Chameleon

Created: 2022-06-14 11:15
#paper

Main idea

Chameleon is an Hybrid Filtering Meta-Architecture for personalized news recommendations that deals with Deep Sequential RS/aware RS and Deep feature extraction from heterogeneous data.

Problems with RS on news:

sparse user profiling -> majority of users are anonymous, so the user-item matrix can be really sparse and we do not have much information on past behaviours;
fast growing number of items -> cold start problem for new items;
items' value decay -> users are interested in fresh information;
user preferences shift -> some users may change their domain of interests and current interest can be affected by user's context or global context.

News articles have some static properties regarding its content (title, text, topics and mentioned entities). Publisher reputation may also add trust or discredit to an article.

News articles also have dynamic properties (i.e. properties that change over time) like popularity and recency. Global factors that might affect the article popularity are usually related to breaking events. Some enets are seasonal,, others are popular regardless of the period.

Short-term interests are influenced by location, device and time.
Long-term interests are usually stable, because they are related to personal preferences.

One of the main inspirations for this paper was the GRU4REC paper.
Another importart paper is: MV-DNN, which maps users and items to a latent space where we do not need to add new units into the output layer for each new item.

The CHAMELEON Meta-Architecture should be able:
• RQ1 - to provide personalized news recommendations in extreme cold-start scenarios, as most news are fresh and most users cannot be identified;
• RQ2 - to use Deep Learning to automatically learn news representations from textual content and news metadata, minimizing the need of manual feature engineering;
• RQ3 - to leverage the user session information, as the sequence of interacted news may indicate user’s short-term preferences for session-based recommendations;
• RQ4 - to leverage users’ past sessions information, when available, to model long-term interests for session-aware recommendations;
• RQ5 - to leverage users’ contextual information as a rich data source, in such information scarcity about the user;
• RQ6 - to model explicitly contextual news properties – popularity and recency – as those are important factors on news interest life cycle;
• RQ7 - to support an increasing number of new items and users by incremental model retraining (online learning), without the need to retrain on the whole historical dataset;
• RQ8 - to provide a modular structure for news recommendation, allowing its modules to be instantiated by different and increasingly advanced neural network architectures.

In deep

Chameleon deals and uses all this aspects + supports incremental online learning from mini-batches. Modularity was a main concern of the architecture.

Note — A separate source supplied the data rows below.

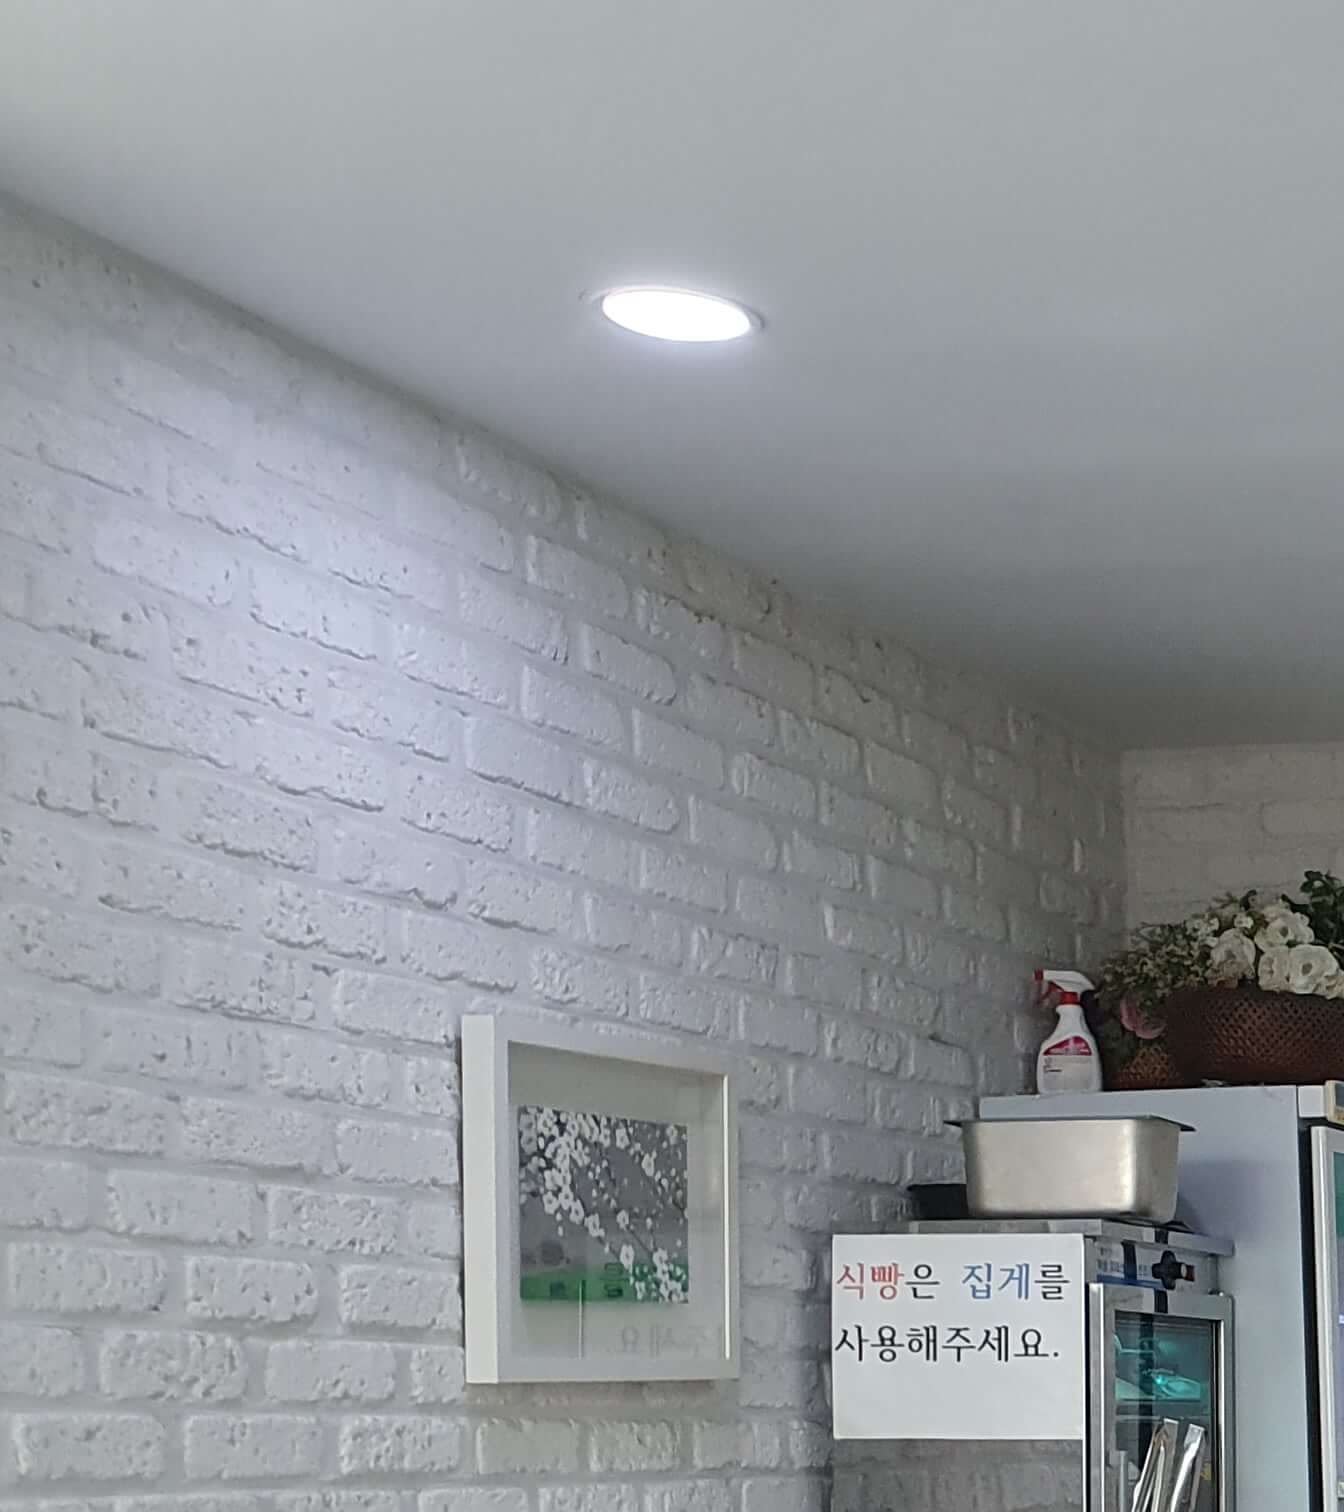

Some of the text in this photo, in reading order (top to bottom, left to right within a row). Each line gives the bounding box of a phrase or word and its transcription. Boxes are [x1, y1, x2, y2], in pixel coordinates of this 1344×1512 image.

[836, 1262, 1071, 1301] 식빵은 집게를
[834, 1324, 1060, 1363] 사용해주세요.
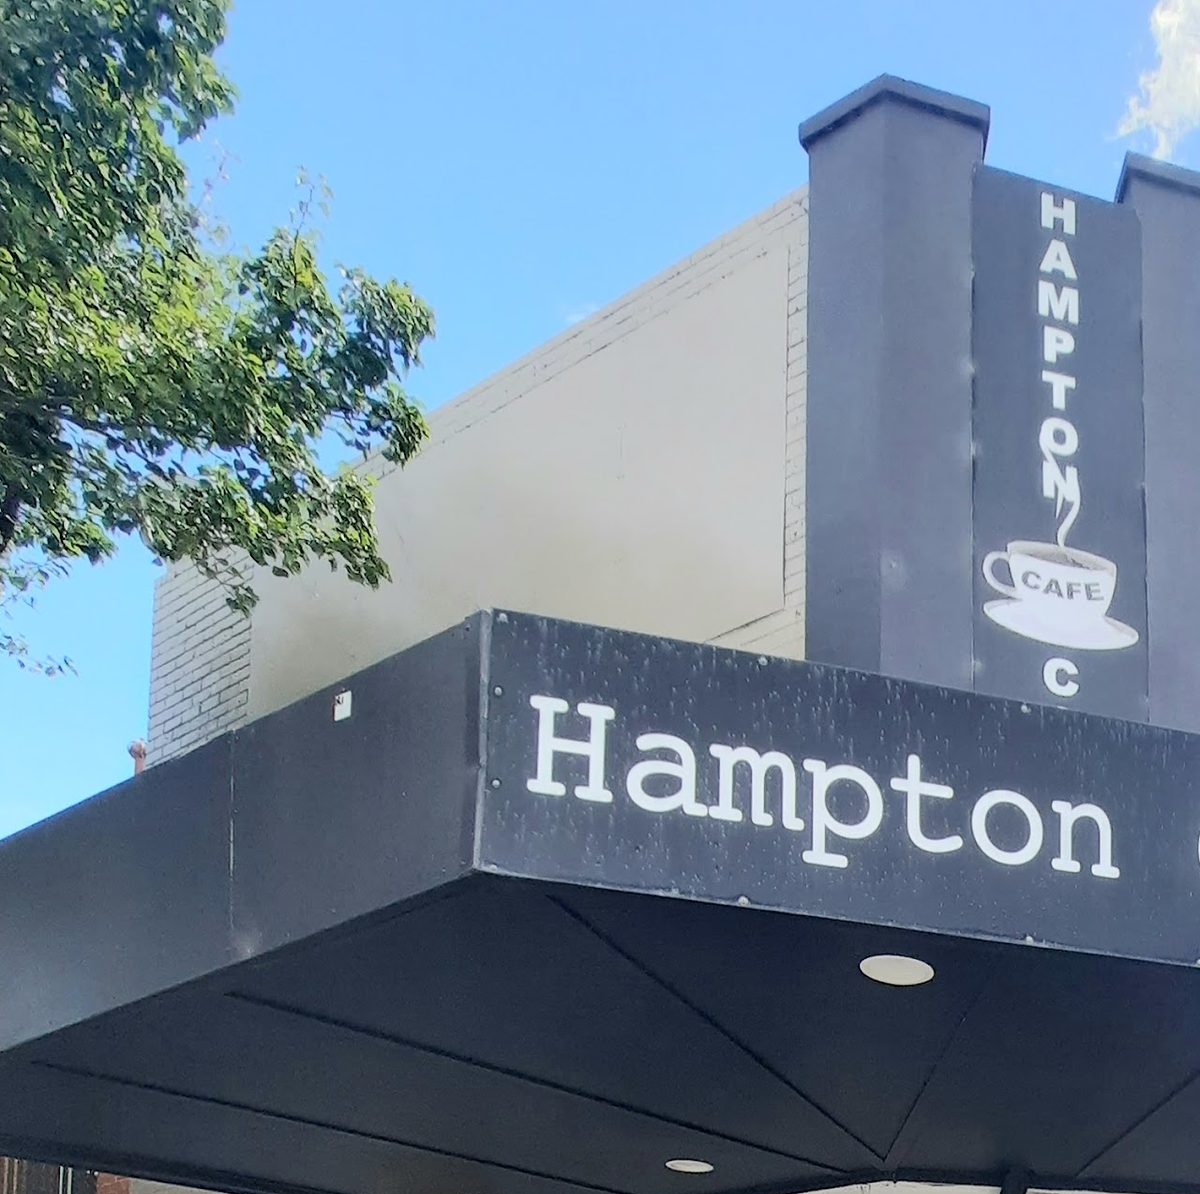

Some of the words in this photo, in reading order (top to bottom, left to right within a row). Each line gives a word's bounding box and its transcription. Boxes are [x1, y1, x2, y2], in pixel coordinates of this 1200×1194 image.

[1038, 192, 1080, 502] HAMPTON
[1021, 571, 1104, 600] CAFE
[526, 694, 1120, 878] Hampton
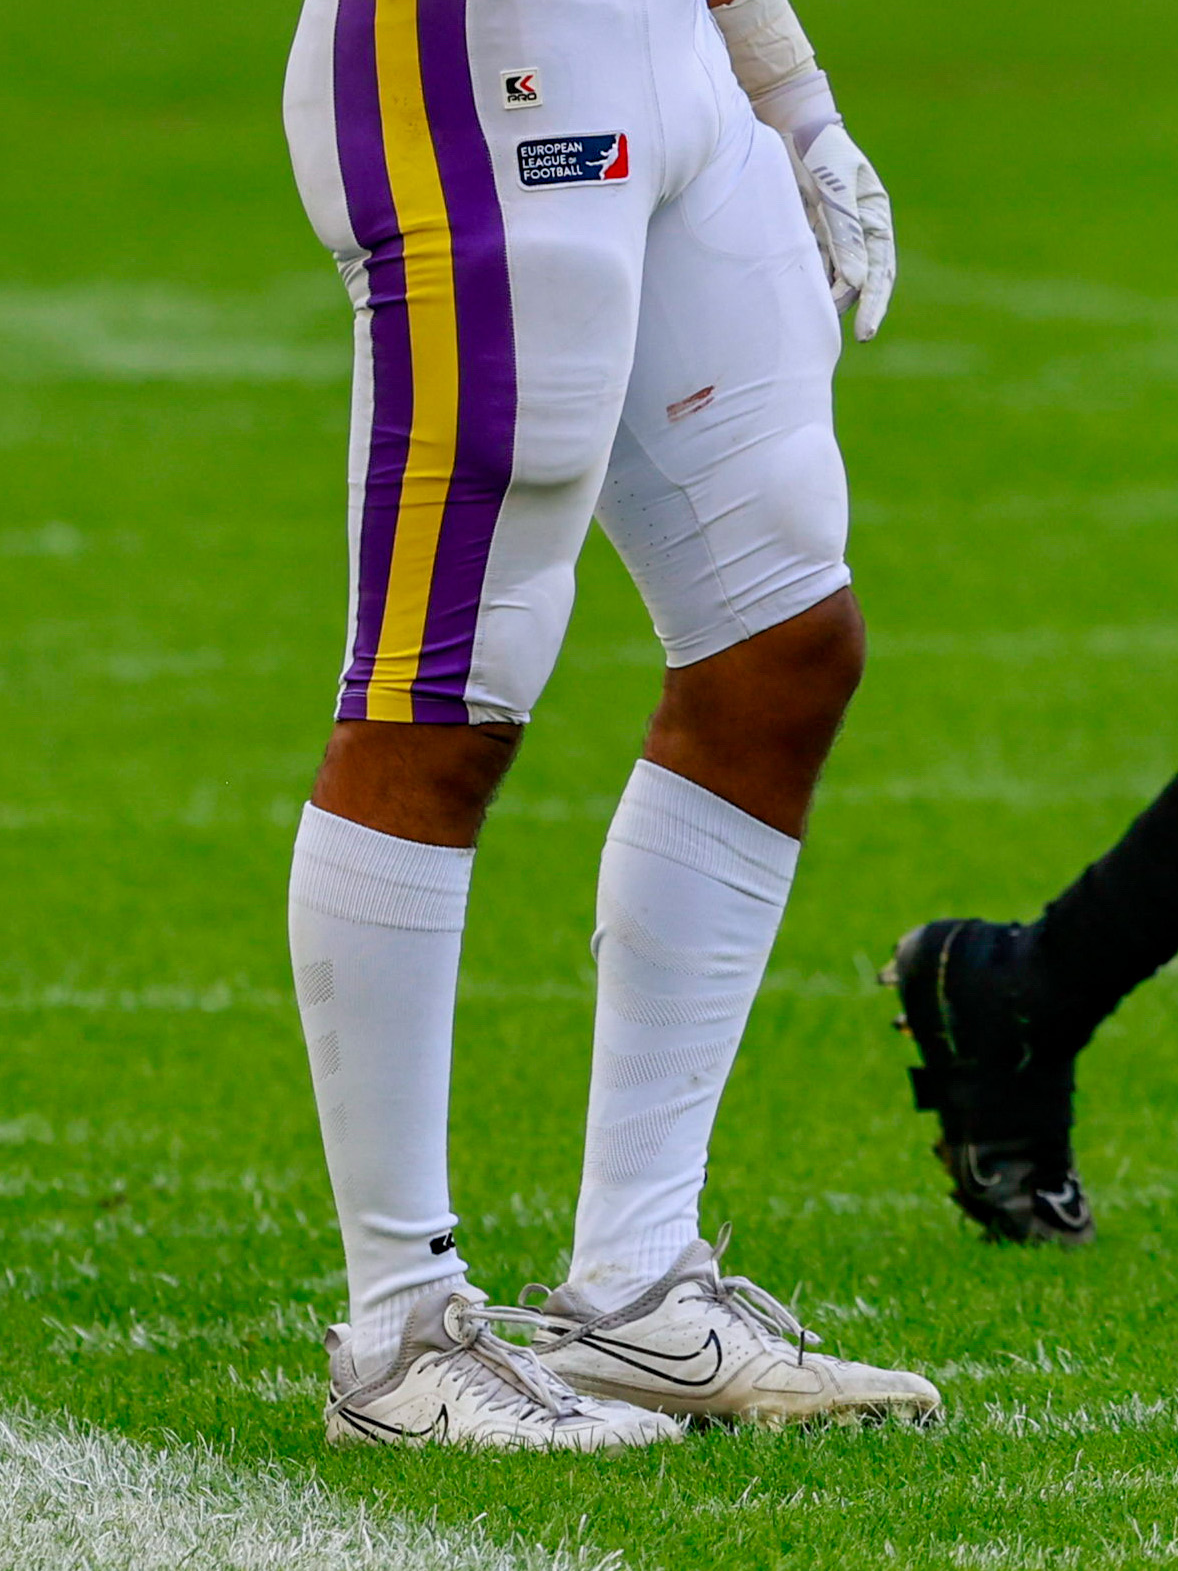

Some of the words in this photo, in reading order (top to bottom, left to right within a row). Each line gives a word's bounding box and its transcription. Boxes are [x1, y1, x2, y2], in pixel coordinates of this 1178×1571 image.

Chameleon can be seen as divided as two modules: the Article Content Representation (ACR) and the Next-Article Recommendation (NAR).
The ACR module learns the embeddings for news' contents.
The NAR module provides news articles recommendations for active user sessions.

Item IDs and user IDs are not used, just users' contextual information, interactions in the current sessions (+ past sessions information). To represent the content of items, (pre-trained) Article Content Embeddings (ACE) is used.

The inputs for the NAR module are:

pre-trained ACE of the last interacted article;
contextual properties of the article (popularity and recency);
user context.

The ACR module uses CNNs for feature extraction from textual data. The inputs are: article metadata and word embeddings (computed with Word2Vec, GloVe).

NAR module uses RNNs to model the sequence of user interactions. More details here.

The chosen model from the RNNs family is UGRNN (a compromise between LSTM and GRU).
The first step of NAR produces the so called User-Personalized Contextual Article Embedding using the content of the news and context information.
The goal is then to maximize the similarity between the Predicted Next-Article Embedding and the User-Personalized Contextual Article Embedding corresponding to the next article actually read by the user in his or her session (positive sample), whilst minimizing its similarity with negative samples (articles not read by the user during the session).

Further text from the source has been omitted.